Their two-roomed worker homes stood far, far away from his Victorian-styled mansion. All her life, she witnessed his forceful exploitations. He paid them a pittance wage, which circulated back into his store’s cash register in Blommerus, Northen Cape. It was the only provision store in the small town and nearby the farm. On their stolen ancestral lands, he miscounted their long hours of back-breaking labour on his family-inherited vineyard estate. Land taken from them because of laws that destroyed cultures, languages, communities, and families. He lavished in slavery-earned wealth. So, he guarded any competition with military precision.

Many days, inside his store, she hurled coins into the register’s drawer, then forcefully sighed out all her anger and frustration towards the open door, where the sun broiled the dirt street’s red earth. Antique, green-roofed houses spread both ways in front of the horizon, where the heavens touched the south of the country. Many kilometres away lay Cape Town where her brothers experienced some type of freedom. Their letters described the majestic Table Mountain, with its cloud tablecloth, looming over the uniformly coloured Cape Flats townships, where crowded segregated trains and buses ferried them towards a factory to also work for low race-based wages. Her parents and grandmother flatly refused to have her leave home to join them, which led to her pacing kilometres for a few rands during the week and Saturdays.

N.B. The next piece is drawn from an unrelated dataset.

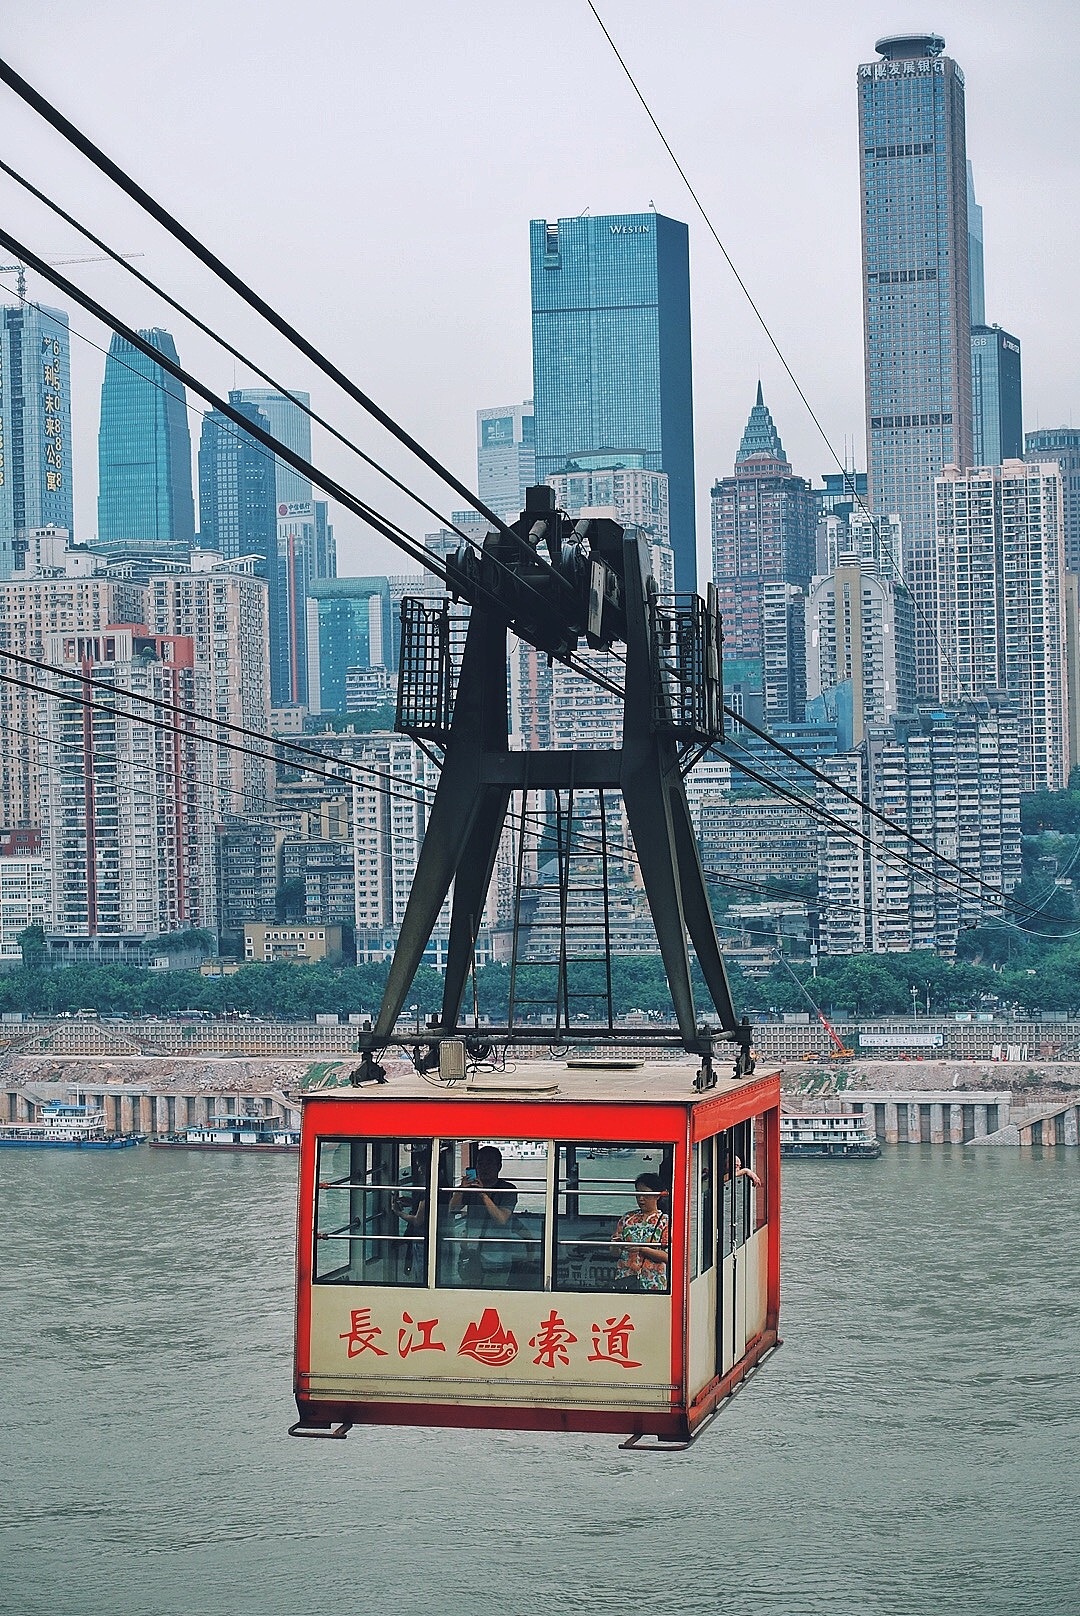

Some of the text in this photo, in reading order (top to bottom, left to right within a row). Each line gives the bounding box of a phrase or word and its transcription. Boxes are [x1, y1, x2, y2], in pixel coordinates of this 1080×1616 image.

This morning, she is late for work. She felt bewildered and disorientated.

Damn God!’ she swore. Her fingers grasped her short bushy hair. Her tightly knotted plaits had loosened when she had battled to escape from a nightmare. It now resembled shaggy spikes. In her dream about the farm school, canings on her cold fingers had intensified with her heartbeats. She had wrenched away. Then a hurricane wind pulled her into a black vacuum, which spewed her onto red dunes, where mutilated skeletons of her Khoe-Khoe ancestors bleached underneath the scorching sun. A familiar-looking corpse caused her to use age-old mourning rites. She had wailed. She had torn her hair. These images flashed inside her mind, until her grandmother’s voice broke her thoughts.

‘Did you swear?’  asked Anna, from where her small thin frame stooped over the paraffin stove, her gnarled fingers grasping a tainted copper egg-lifter, over the buckled aluminium black-coated pan. ‘Do not use our Lord’s name in vain!’ 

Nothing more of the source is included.